Besides, the ERA suffers from the common belief that it is no
longer necessary, given the growth of civil rights law in the past 30 years.
That's one irony of progress: As acceptance of sexual equality grows, active
support for the ERA declines. Young women who believe that they already enjoy
equality are not inclined to fight for a constitutional guarantee of it.
Meanwhile, conservatives who fought the extension of constitutional equality
rights to women and the passage of statutes prohibiting sex discrimination rely
on the past progress toward equality to prevent more progress in the future. Now
that the 14th Amendment has been applied to sex discrimination, they argue, we
have no need for an ERA.
But in fact, the Supreme Court has not applied 14th Amendment guarantees of
equality with equal force in sex and race cases, because a majority of justices
have always regarded some instances of sex discrimination as "only natural." The
Court employs a strict standard of review in race-discrimination cases:
Essentially, the state must show that any law discriminating on the basis of race
is a "necessary" means of protecting a compelling state interest. Laws subjected
to this standard are doomed. In sex-discrimination cases, the Court uses an
intermediate standard of review: A law discriminating on the basis of sex is
struck down only if it lacks a substantial relationship to an important
government goal. Sexual discrimination sometimes survives this test. Recently, in
Nguyen v. Immigration and Naturalization Service, the Supreme Court upheld a
federal law that discriminates between men and women who wish to pass on American
citizenship to foreign-born children. The offspring of American women who give
birth abroad enjoy automatic citizenship. Men whose children are born abroad to
foreign-born women must take legal steps to establish paternity before the
children turn 18 in order to confer citizenship on them.
In upholding these distinctions between the rights of fathers and mothers, the
Court relied on gender stereotypes--notably, the belief that men are less likely
than women to form bonds with their children. A majority of the justices found
the discrimination against men legal because they considered it natural--a
product of biology, not prejudice. Justice O'Connor--joined by Justices Souter,
Ginsburg, and Breyer--forcefully dissented, pointing out that paternity could be
established by DNA testing if it was in question and that the sex of a parent
cannot be relied upon to predict parental affection or responsibility.

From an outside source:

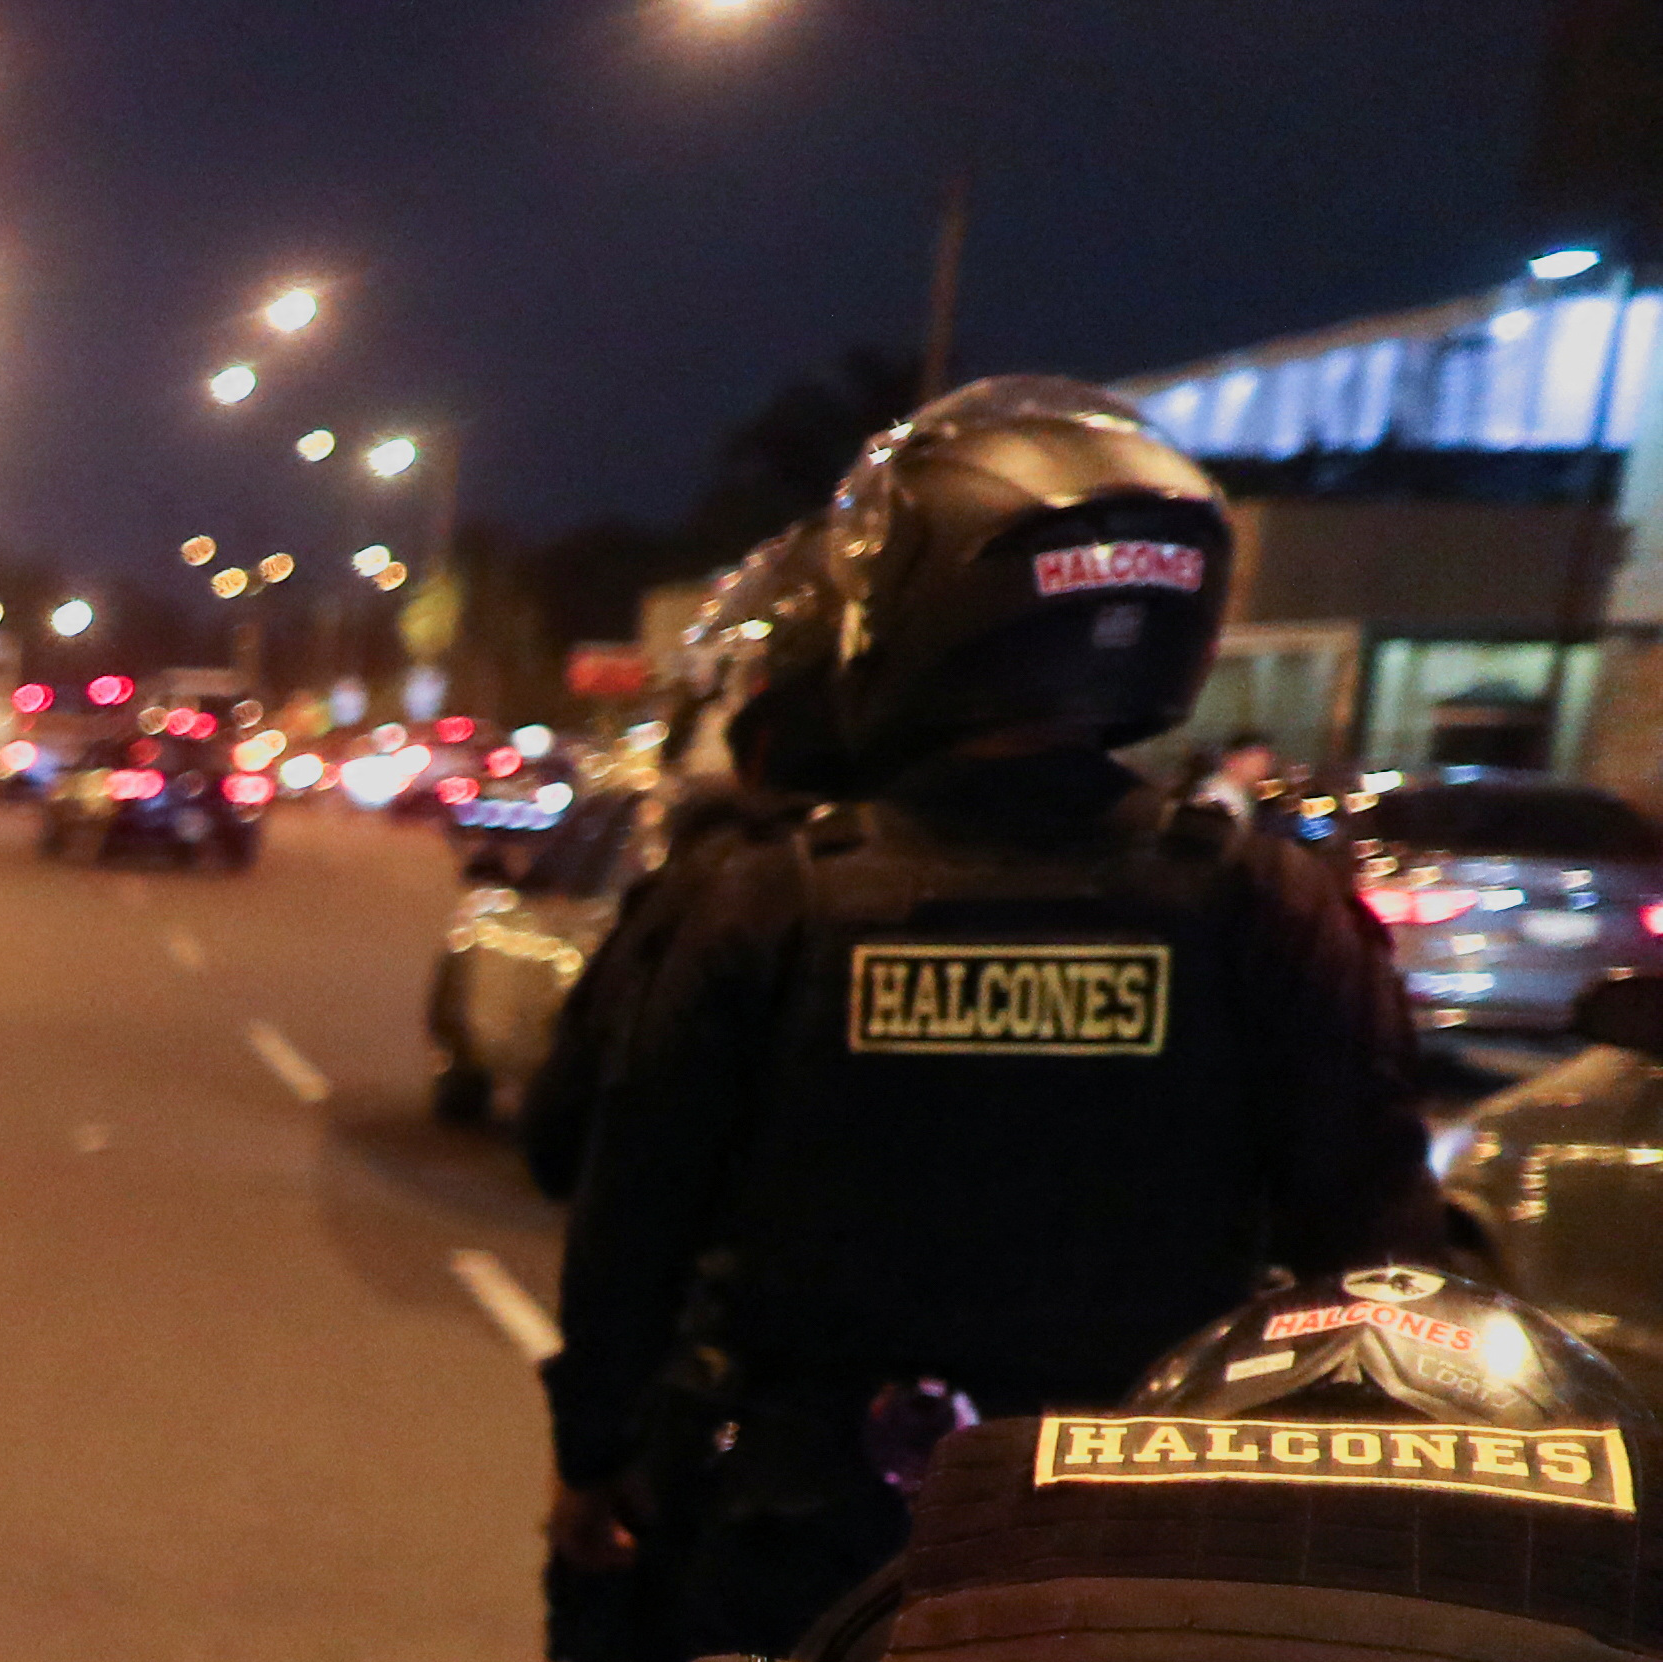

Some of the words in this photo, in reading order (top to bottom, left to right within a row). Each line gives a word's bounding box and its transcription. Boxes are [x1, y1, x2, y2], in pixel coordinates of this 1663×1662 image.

[868, 961, 1146, 1040] HALCONES
[1267, 1301, 1477, 1352] HALCONES
[1065, 1425, 1593, 1486] HALCONES

Does a case like this demonstrate a need for the Equal Rights
Amendment? Not exactly. The ERA, like other constitutional protections, will mean
what the Supreme Court says it means. There's no guarantee that judges who cling
to sexual stereotypes will apply the ERA more rigorously than they apply 14th
Amendment guarantees of sexual equality. They can always find that some
discriminatory laws merely reflect the natural order, which law is presumably
powerless to challenge. The Supreme Court once held that prohibitions on female
lawyers were only natural. Culture had to change before courts could acknowledge
that women had the right to practice "male" professions. But law changed too,
particularly with passage of the 1964 Civil Rights Act, which imposed a federal
ban on sex discrimination in employment. Culture and law work in tandem to revise
our visions of what's possible and fair. By itself, an ERA would not deliver full
equality to women, but it would prompt courts and legislatures to reconsider it.